#### Problem to solve
Extract each line of the data and write it out again exactly.

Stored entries
= Beginning of Section =
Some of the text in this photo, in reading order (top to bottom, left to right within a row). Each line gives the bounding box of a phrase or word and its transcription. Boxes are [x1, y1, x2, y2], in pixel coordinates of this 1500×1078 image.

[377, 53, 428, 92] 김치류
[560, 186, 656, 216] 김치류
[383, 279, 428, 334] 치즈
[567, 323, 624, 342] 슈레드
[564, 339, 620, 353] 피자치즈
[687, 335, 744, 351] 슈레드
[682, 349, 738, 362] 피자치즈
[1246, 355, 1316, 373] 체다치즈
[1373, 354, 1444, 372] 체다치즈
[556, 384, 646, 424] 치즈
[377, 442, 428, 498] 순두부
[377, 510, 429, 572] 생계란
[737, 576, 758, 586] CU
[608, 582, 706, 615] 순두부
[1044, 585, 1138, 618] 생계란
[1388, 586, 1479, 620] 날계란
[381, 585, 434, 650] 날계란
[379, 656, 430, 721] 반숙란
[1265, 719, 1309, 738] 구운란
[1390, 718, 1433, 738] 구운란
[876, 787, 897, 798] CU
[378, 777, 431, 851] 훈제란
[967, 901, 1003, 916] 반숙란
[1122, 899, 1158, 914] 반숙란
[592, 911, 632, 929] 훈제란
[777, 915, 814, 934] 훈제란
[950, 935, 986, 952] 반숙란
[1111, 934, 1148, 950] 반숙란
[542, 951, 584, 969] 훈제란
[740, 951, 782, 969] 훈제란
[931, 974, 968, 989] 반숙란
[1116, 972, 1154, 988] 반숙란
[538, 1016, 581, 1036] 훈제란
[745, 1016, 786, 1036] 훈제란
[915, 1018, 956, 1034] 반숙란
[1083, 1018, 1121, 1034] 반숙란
= End of Section =
#### Answer to the exercise
Some of the text in this photo, in reading order (top to bottom, left to right within a row). Each line gives the bounding box of a phrase or word and its transcription. Boxes are [x1, y1, x2, y2], in pixel coordinates of this 1500×1078 image.

[377, 53, 428, 92] 김치류
[560, 186, 656, 216] 김치류
[383, 279, 428, 334] 치즈
[567, 323, 624, 342] 슈레드
[564, 339, 620, 353] 피자치즈
[687, 335, 744, 351] 슈레드
[682, 349, 738, 362] 피자치즈
[1246, 355, 1316, 373] 체다치즈
[1373, 354, 1444, 372] 체다치즈
[556, 384, 646, 424] 치즈
[377, 442, 428, 498] 순두부
[377, 510, 429, 572] 생계란
[737, 576, 758, 586] CU
[608, 582, 706, 615] 순두부
[1044, 585, 1138, 618] 생계란
[1388, 586, 1479, 620] 날계란
[381, 585, 434, 650] 날계란
[379, 656, 430, 721] 반숙란
[1265, 719, 1309, 738] 구운란
[1390, 718, 1433, 738] 구운란
[876, 787, 897, 798] CU
[378, 777, 431, 851] 훈제란
[967, 901, 1003, 916] 반숙란
[1122, 899, 1158, 914] 반숙란
[592, 911, 632, 929] 훈제란
[777, 915, 814, 934] 훈제란
[950, 935, 986, 952] 반숙란
[1111, 934, 1148, 950] 반숙란
[542, 951, 584, 969] 훈제란
[740, 951, 782, 969] 훈제란
[931, 974, 968, 989] 반숙란
[1116, 972, 1154, 988] 반숙란
[538, 1016, 581, 1036] 훈제란
[745, 1016, 786, 1036] 훈제란
[915, 1018, 956, 1034] 반숙란
[1083, 1018, 1121, 1034] 반숙란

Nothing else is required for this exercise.